Hot dogs and café, a popular combination

Hot dogs and coffee, a popular combination

The Greeks are great. Their economy is in shambles (which the common person does not have much to do with) but they are friendly, joyful and helpful. Still those abandoned buildings, closed stores and stray dogs (everywhere, some still with collars) were generally a sad sight, but did provide me with a few urban exploring and « feels like a movie » experiences. Food, to my surprise, was a huge disappointment; I was expecting a lot more from a Mediterranean country with the ability to grow such a variety of crops. My diet revolved for the most part around gyros, sandwiches and a salad here and there. Granted, I stayed away from the actual restaurants that could have had a better selection of dishes for me to try, but I maintain that generally what’s available on at a cheap price is a good indication of a culture’s culinary diversity. In Greece, it was mostly gyros and your standard burger and fries.

Otherwise, I’ll keep fond memories of the country. I saw only a handful of ruins and only went to the beach once and for 30 minutes, but man did I see some excellent scenery and rode on the most enjoyable roads of my life. However, I’ve missed the hiking, I’ve missed the food, I’ve missed the diving, I’ve missed the islands, I’ve missed the wine (but not the Ouzo) I’ve missed so many things so Greece, we will see each other again.

Conquering Greece – Outro

ScratchThe next day, I returned the bike at the planned time. I was hoping my little accident of day 1 would go unnoticed, but they found out. I’m an honest person, but the bike was already scratched all over, and I did not really know what their policy was on cosmetic damage. After a phone call to the Honda dealership, they decided to charge me the price of a paint job: 110 Euros. I’m sure they are going to buff the fairing and pocket the money but I’ll give them the benefit of the doubt. For the safety of the next customer, I did give them a list of all the other (more serious) issue the motorcycle had.

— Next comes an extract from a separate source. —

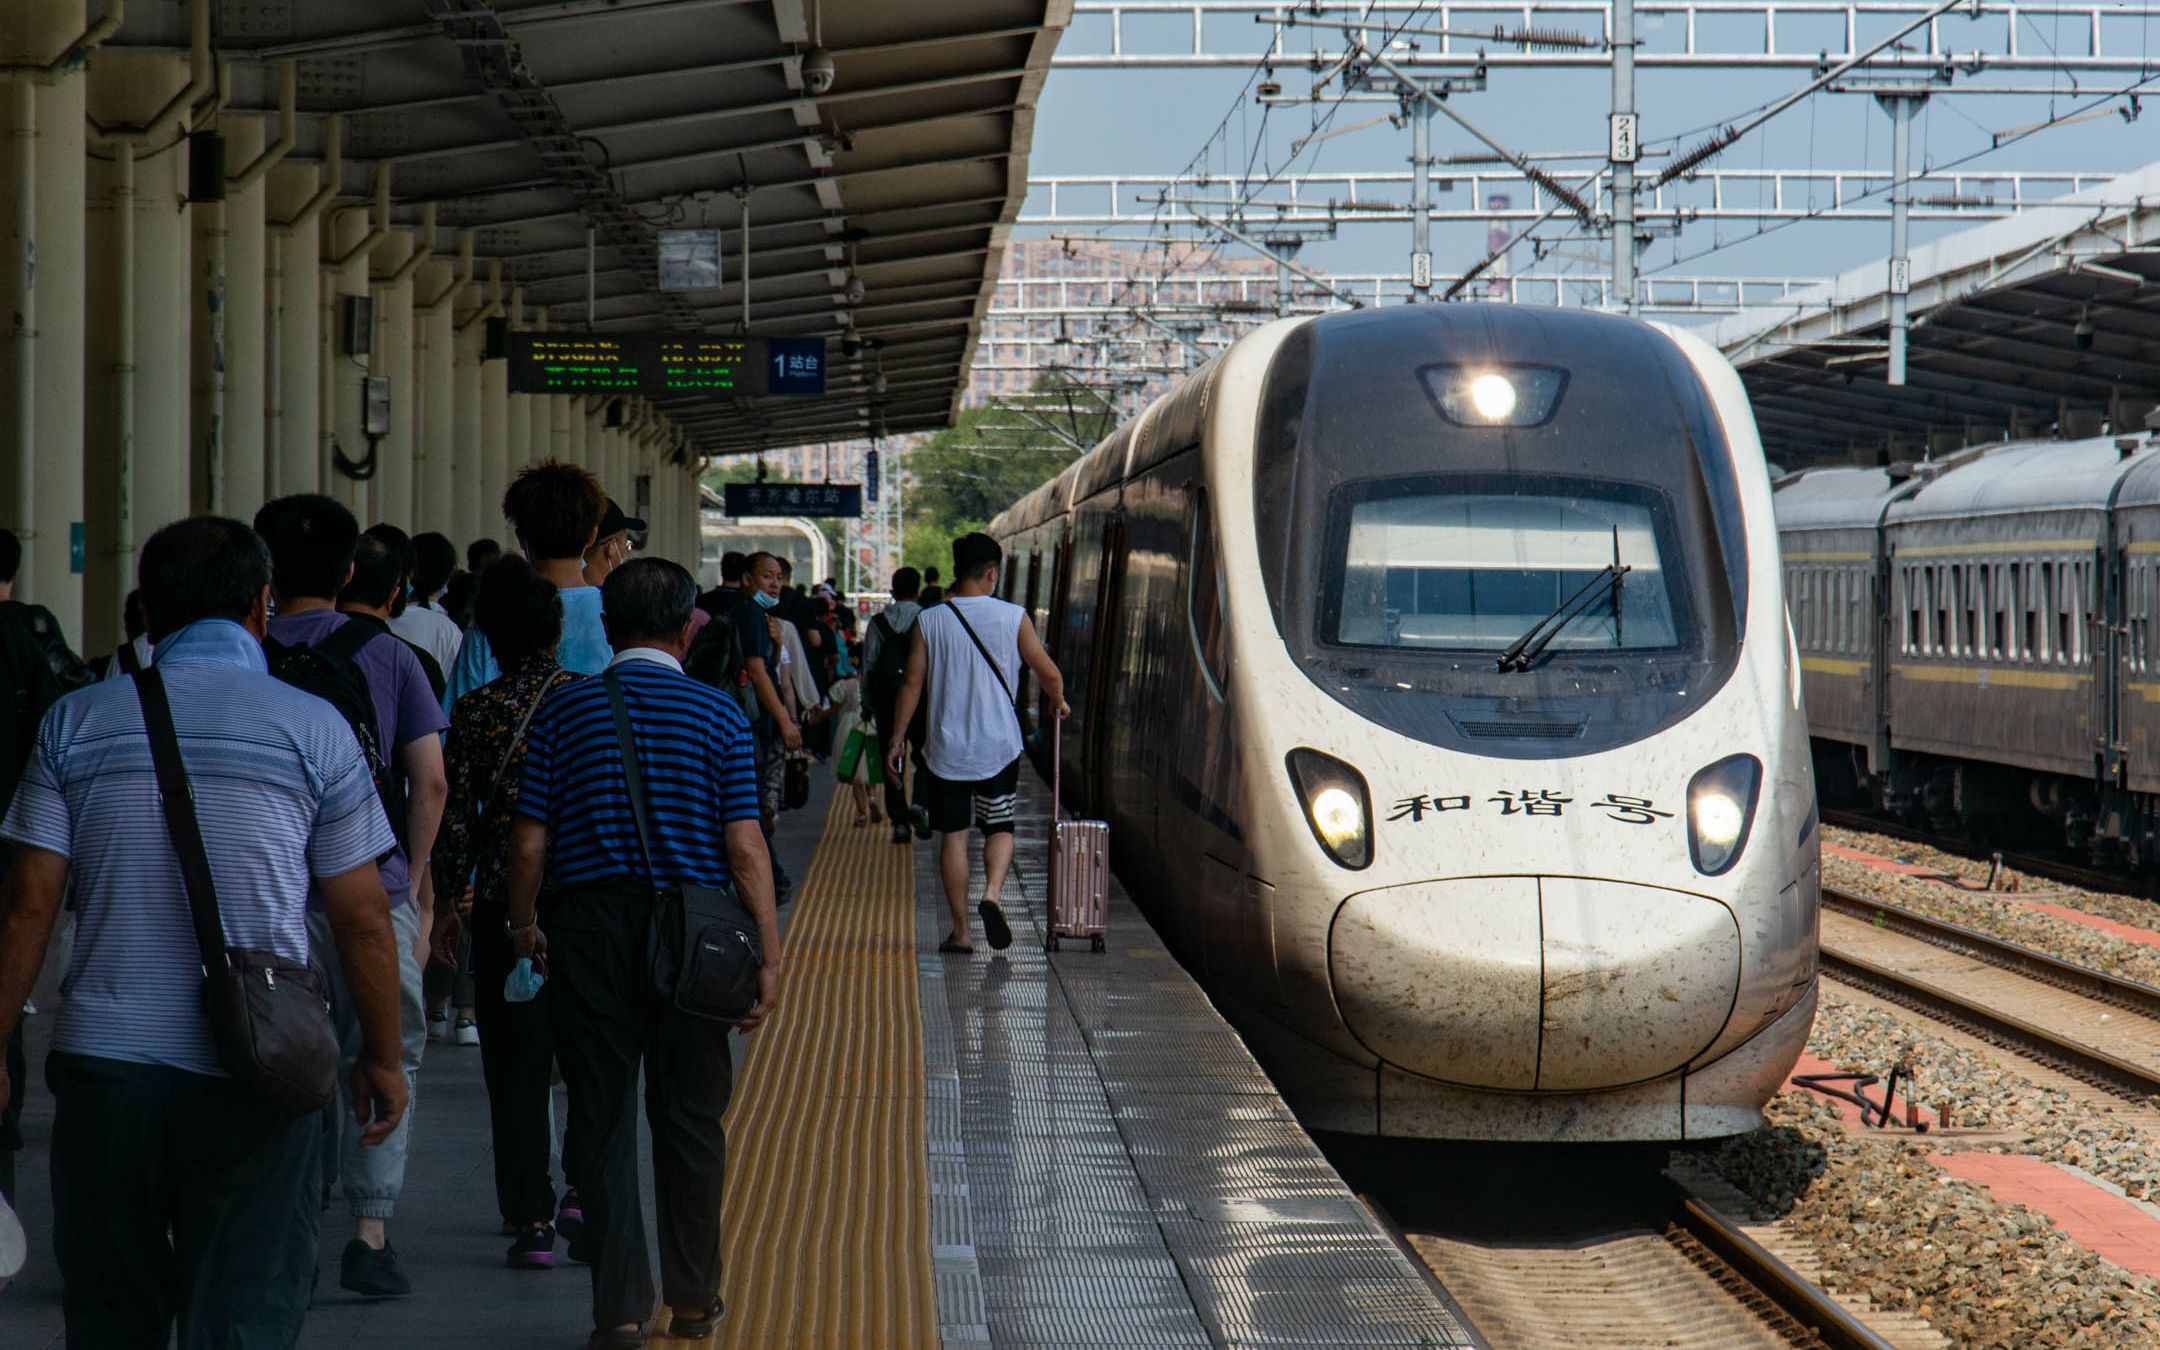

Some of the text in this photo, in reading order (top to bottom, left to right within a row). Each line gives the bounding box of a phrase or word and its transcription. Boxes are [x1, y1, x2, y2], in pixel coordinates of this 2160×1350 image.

[1618, 117, 1630, 158] 243
[773, 353, 818, 378] 1 站台
[1386, 790, 1675, 825] 和谐号

When dealing with the paperwork, the girl paused for a moment, got up and checked the bike, phones someone and had a conversation where the word « kilometros » came up quite often. Lucky for me, they had made a mistake on the contract (and the website) and had given me unlimited distance where normally there would have been a cap. I explained to her that this had been a major selling point for me to which she replied that even if there was an advertised limit, things could always be arranged. What they wanted to avoid, beside extra maintenance, was Germans (and she specified Germans) renting cheap scooters and driving them all over sort of like I did. Cheers to you Germans, abusing scooters all over the world.

An approximation of the total route

An approximation of the total route

So the tally is 2192 kilometers. A big loop around during which I saw a lot of Greece and I tell you, it’s beautiful. This adventure ended up costing me more than expected (what a surprise), but it was worth every euro. I wish I would have brought my camping gear as the landscape was full of opportunities to set up a tent and enjoy the view, but all that extra equipment would have made the remainder of my travels more logistically difficult.

While driving Greece, I learned a few leasons and feel like I improved a lot on my driving skills. The roads were nowhere as difficult as those in Vietnam or Thailand, but I had a much bigger motorcycle and was driving generally much faster because the bike allowed me to (all while keeping a safe margin of error (except that time I crashed (which was almost unavoidable))).

I’ll call this my 4th adventure riding trip and just like the three previous ones, it will be memorable and will be the stuff of stories for years to come. While walking around Thessaloniki that afternoon, I felt a sense of relief not to be riding a motorcycle.

But that’s only going to last a short time before the open road calls again.